Study variables and outcomes

POPF occurrence in NSQIP is consistent with original ISGPF definitions. Specifically, patients were categorized as having a grade A POPF if drain amylase content exceeded three times institutional serum amylase activity on or after the third postoperative day in addition to either drain persistence for more than seven days, percutaneous drain placement, or reoperation. Moreover, the POPF definition was met if a clinical diagnosis was determined by an attending surgeon, in the case of drain persistence for more than 7 days, spontaneous wound drainage, percutaneous drain placement, or if oral intake was interrupted and parenteral nutrition initiated [9,23]. CR-POPF is defined in NSQIP as the presence of POPF as well as a change in anticipated postoperative course and includes grades B and C POPF. Specifically, grade B POPF required persistent peripancreatic drainage for more than 3 weeks, percutaneous or endoscopic drainage of POPF-associated collections, associated infections and angiographic procedures for POPF-associated bleeding. On the other hand, the grade C POPF definition was met when the above criteria were fulfilled and reoperation, organ failure, or death occurred [2].

Variables analyzed included patient-level characteristics such as age, sex, race, BMI, comorbidities, and risk factors. Data on operative indication, receipt of neoadjuvant therapy, reconstruction techniques, presence of preoperative biliary stents, and placement of postoperative drains were also studied. Lastly, other relevant outcomes examined included DGE, anemia requiring transfusion, hospital length of stay (LOS), and 30-day readmission.

Statistical analysis

Multivariable logistic regression models were generated to analyze CR-POPF occurrence and morbidity in patients reported as adjusted odds ratios and 95% confidence intervals for the entire cohort. Matching was then performed based on a multivariable logistic regression model for the likelihood of receiving OPD versus MIPD in the selected population to adjust for any inherent selection bias. Patients were matched by the OPD or MIPD approach, followed by subgroup analysis on the RPD versus LPD approach, based on preoperative, intraoperative, and pathologic variables. Preoperative variables included age, sex, BMI, race, ASA class and comorbidities, smoking, steroid use, weight loss, baseline laboratory results, jaundice, biliary stent placement, and receipt of neoadjuvant radiation. Intraoperative variables included reconstruction, colonic orientation, gland texture, duct size, vascular resection, and drain placement. Matching was performed using a 3:1 nearest neighbor approach for OPD versus MIPD and 1:2 for RPD versus LPD (due to available sample size) with a caliper width equal to 0.1 standard deviations. After matching was completed, calibration between the matched groups was assessed by testing p-values with a conditional logistic regression for categorical variables and mixed effect modeling for continuous variables. Balance was also assessed between groups before and after matching using standardized differences with values <10% for a given variable denoting relatively small imbalance.

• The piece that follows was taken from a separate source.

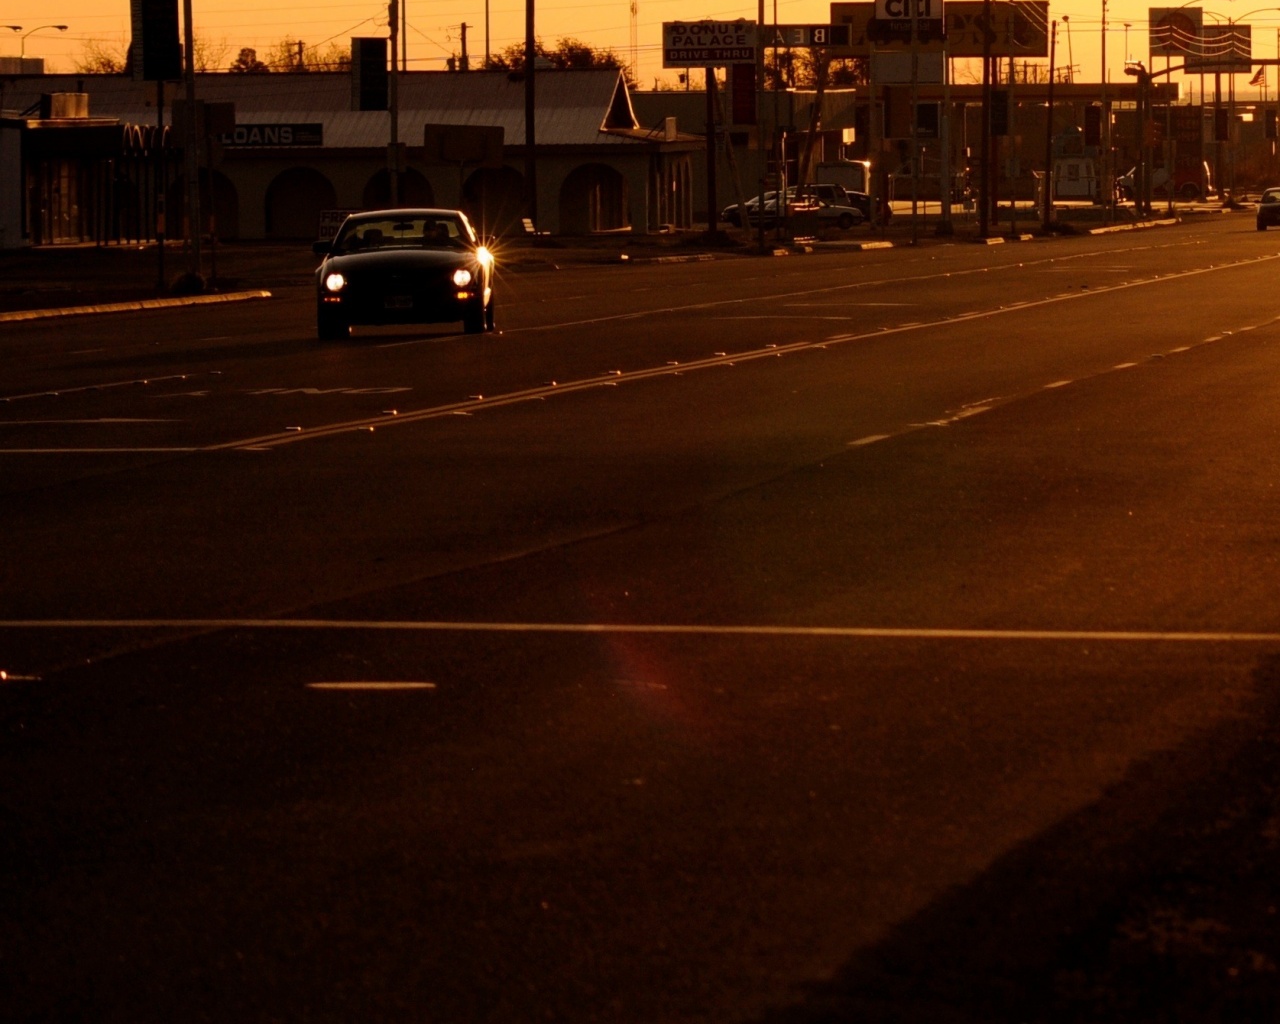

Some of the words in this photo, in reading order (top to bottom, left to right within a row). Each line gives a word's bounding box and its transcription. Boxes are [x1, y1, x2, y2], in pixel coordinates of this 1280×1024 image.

Baseline characteristics were compared using logistic regression for matched and unmatched cohorts to assess for adequate balance after matching. Conditional logistic regression was used to compare categorical variables and mixed effect modeling for continuous variables. A two-sided p-value of <0.05 was considered significant. Statistical analyses were performed using IBM SPSS version 25 (IBM Corp.) with R package version 3.3.3 (R Foundation for Statistical Computing) for propensity score matching.

RESULTS

Demographic, clinical, and perioperative characteristics

The results of the univariable and multivariable regression analyses for predictors of clinically relevant POPF among patients who had POPF following their pancreatoduodenectomy are avaliable in Supplementary Table 1. After application of inclusion and exclusion criteria, 16,366 patients remained, of which 3,083 (18.8%) developed a POPF and 13,283 (81.2%) did not (Fig. 1). Among the patients with development of POPF, 2,843 (92.2%) underwent OPD and 240 (7.8%) MIPD. Of those who underwent MIPD, 180 (75.0%) patients underwent RPD and 60 (25.0%) LPD. For the entire cohort, mean age was 64 years, and a majority were males (58.0%, n = 1,788) and White (75.5%, n = 2,327). Most PDs were performed for malignancy (68.1%, n = 2,101) and 376 patients (12.2%) received neoadjuvant chemotherapy (NAC). In the included cohort, 48.6% of POPF were classified as grade A (n = 1,498), whereas 45.4% (n = 1,400) were grade B, and 6.0% (n = 185) were grade C. Demographic and clinicopathologic information are summarized in Table 1.

Table 1.

Demographic, clinical, and perioperative characteristics of the selected patient population

Characteristic	Data
No. of patients	3,083
Age (yr)	64.4 ± 12.0 (66)
Sex
Male	1,788 (58.0)
Female	1,295 (42.0)
Race
White	2,327 (75.5)
Black	187 (6.1)
Others	569 (18.5)
Body mass index (kg/m2)	28.7 ± 6.5 (28.0)
Comorbidity
Hypertension	1,671 (54.2)
Diabetes mellitus	610 (19.8)
COPD	141 (4.6)
CHF	10 (0.3)
ESRD	7 (0.2)
Risk factor
Smoking	458 (14.9)
Steroids	104 (3.4)
Weight loss	288 (9.3)
Bleeding disorder	61 (2.0)
Preoperative anemia	9 (0.3)
Indication
Malignancy	2,101 (68.1)
Benign	965 (31.3)
Unknown	17 (0.6)
Neoadjuvant therapy
Neoadjuvant chemotherapy	376 (12.2)
Neoadjuvant radiation	106 (3.4)
Approach
Open	2,843 (92.2)
Laparoscopic	60 (1.9)
Robotic	180 (5.8)
Biliary stent
No	1,632 (52.9)
Yes	1,451 (47.1)
Duct size (mm)
<3	1,432 (46.4)
3–6	1,429 (46.4)
>6	222 (7.2)
Texture
Soft	2,243 (72.8)
Intermediate	285 (9.2)
Hard	555 (18.0)
Reconstruction
PJ duct-to-mucosa	2,715 (88.1)
PJ invagination	273 (8.9)
Pancreaticogastrostomy	95 (3.1)
Drain
No	160 (5.2)
Yes	2,923 (94.8)
POPF
Grade A	1,498 (48.6)
Grade B	1,400 (45.4)
Grade C	185 (6.0)

Values are presented as number only, mean ± standard deviation (median), or number (%).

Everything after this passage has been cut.